» YOUR TASK: In your copy, the records appear word for word and the pictures do not appear at all.

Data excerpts
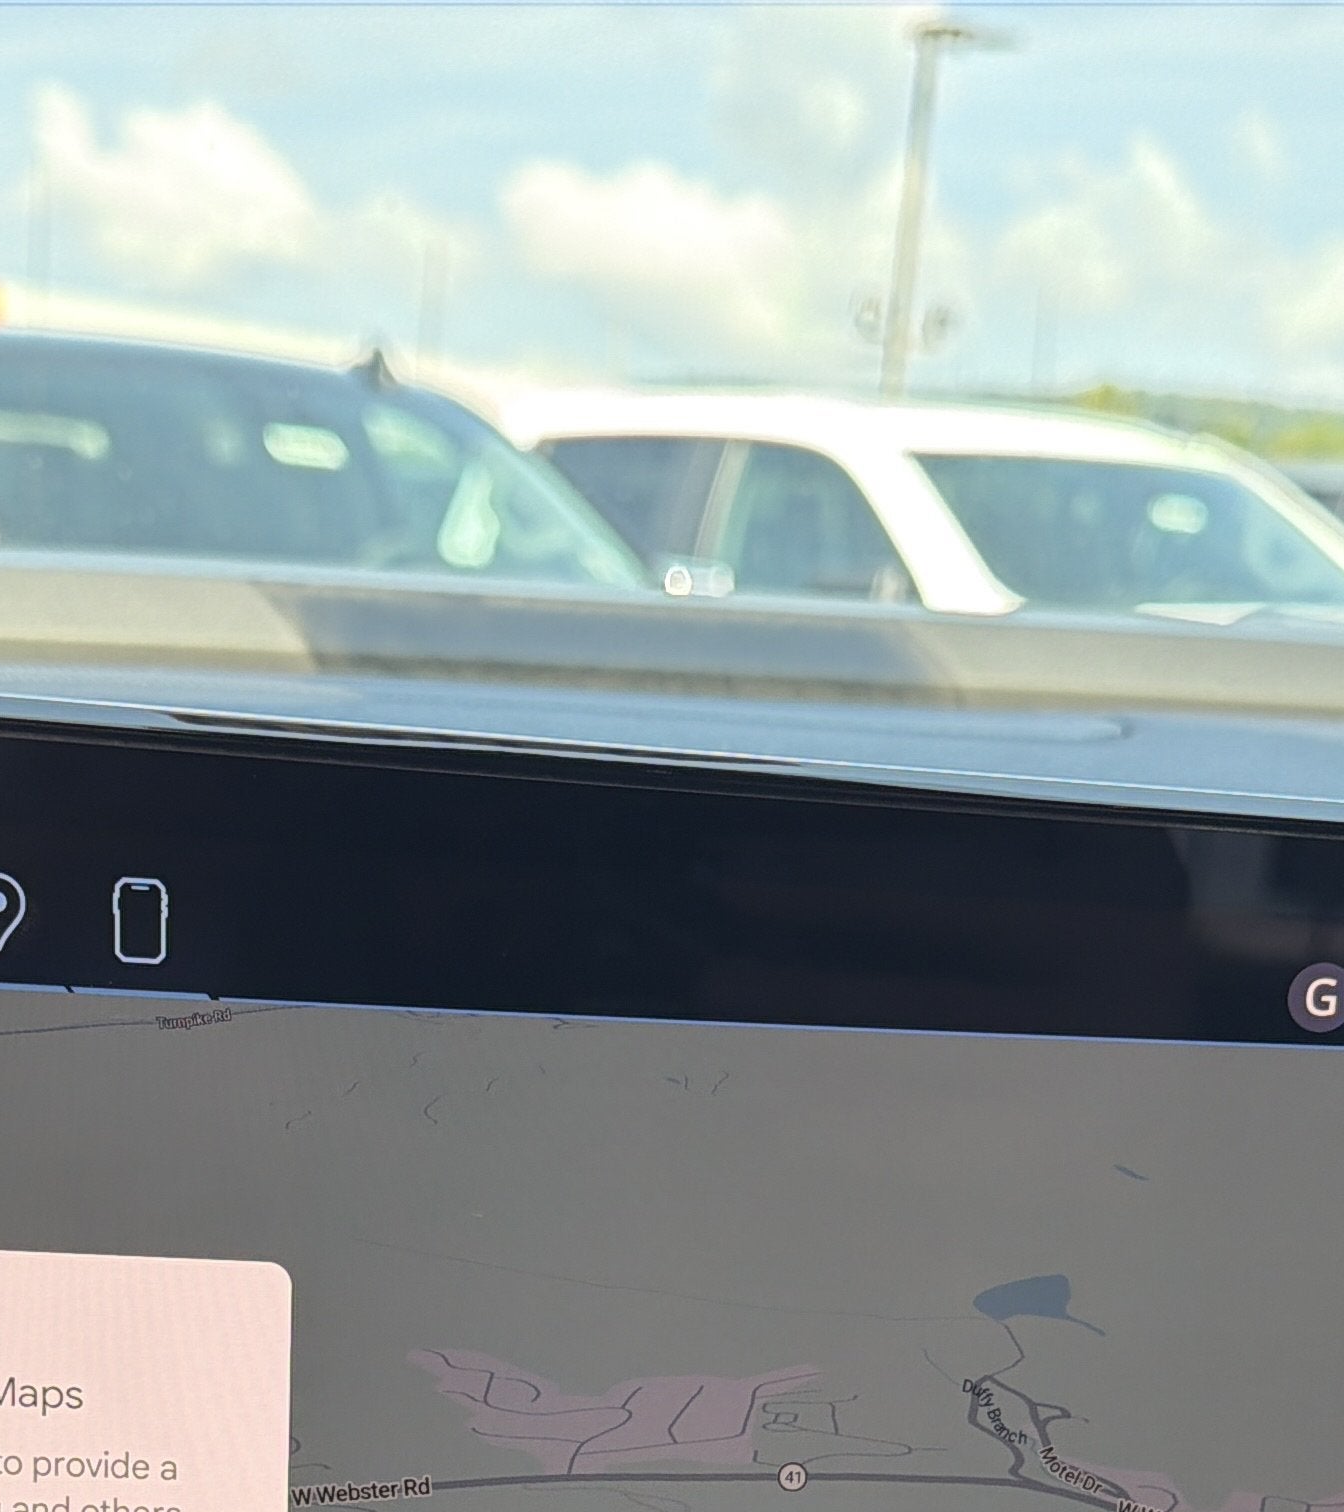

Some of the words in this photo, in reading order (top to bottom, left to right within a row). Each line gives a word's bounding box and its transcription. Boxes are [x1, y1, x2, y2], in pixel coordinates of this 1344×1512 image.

[1306, 979, 1336, 1016] G
[156, 1014, 212, 1031] Turnpike
[213, 1009, 232, 1024] Rd
[962, 1379, 994, 1407] Duffy
[987, 1408, 1027, 1444] Branch
[34, 1451, 149, 1483] provide
[161, 1461, 176, 1480] a
[784, 1469, 802, 1485] 41
[1039, 1446, 1081, 1486] Motel
[1082, 1475, 1102, 1494] Dr
[291, 1487, 312, 1506] W
[316, 1482, 399, 1504] Webster
[404, 1477, 430, 1496] Rd
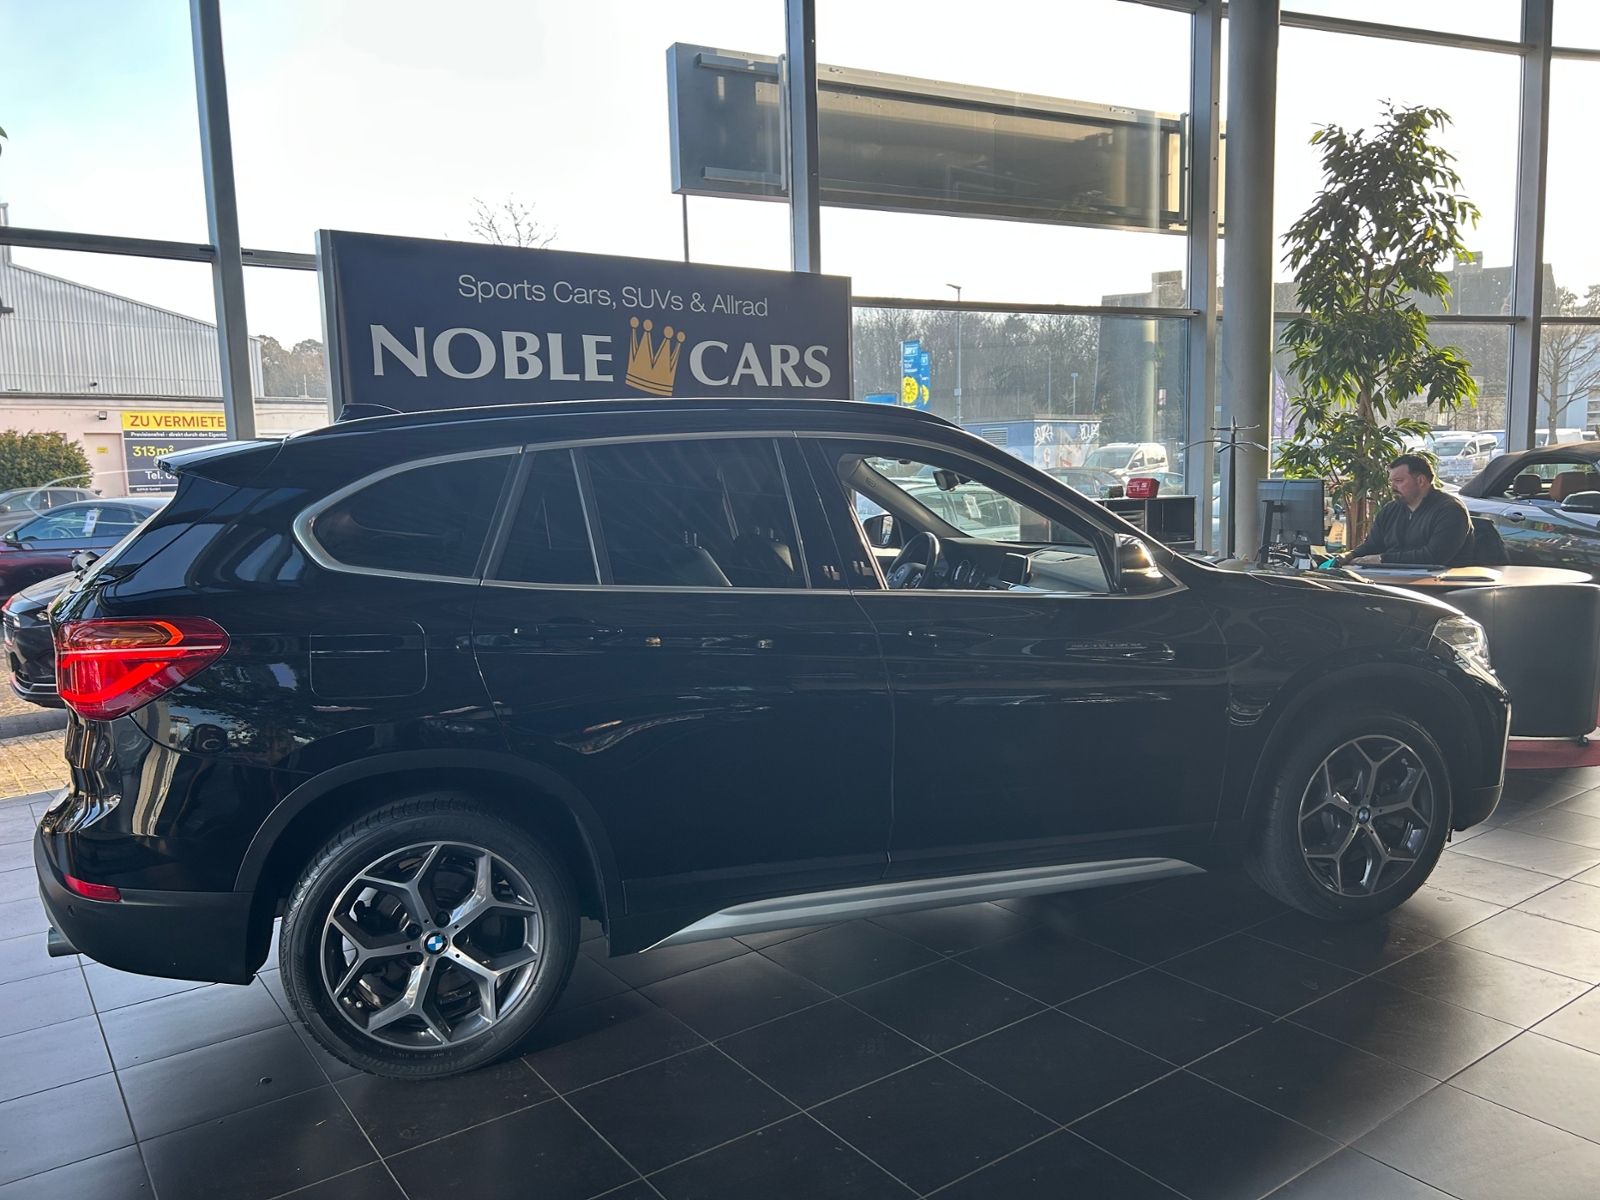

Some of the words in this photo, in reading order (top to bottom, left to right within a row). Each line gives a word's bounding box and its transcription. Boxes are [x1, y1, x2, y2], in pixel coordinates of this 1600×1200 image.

» WRITTEN SOLUTION:
Some of the words in this photo, in reading order (top to bottom, left to right within a row). Each line gives a word's bounding box and its transcription. Boxes are [x1, y1, x2, y2], in pixel coordinates of this 1344×1512 image.

[1306, 979, 1336, 1016] G
[156, 1014, 212, 1031] Turnpike
[213, 1009, 232, 1024] Rd
[962, 1379, 994, 1407] Duffy
[987, 1408, 1027, 1444] Branch
[34, 1451, 149, 1483] provide
[161, 1461, 176, 1480] a
[784, 1469, 802, 1485] 41
[1039, 1446, 1081, 1486] Motel
[1082, 1475, 1102, 1494] Dr
[291, 1487, 312, 1506] W
[316, 1482, 399, 1504] Webster
[404, 1477, 430, 1496] Rd

Some of the words in this photo, in reading order (top to bottom, left to right within a row). Each line gives a word's bounding box and its transcription. Boxes are [x1, y1, x2, y2], in pixel coordinates of this 1600×1200 image.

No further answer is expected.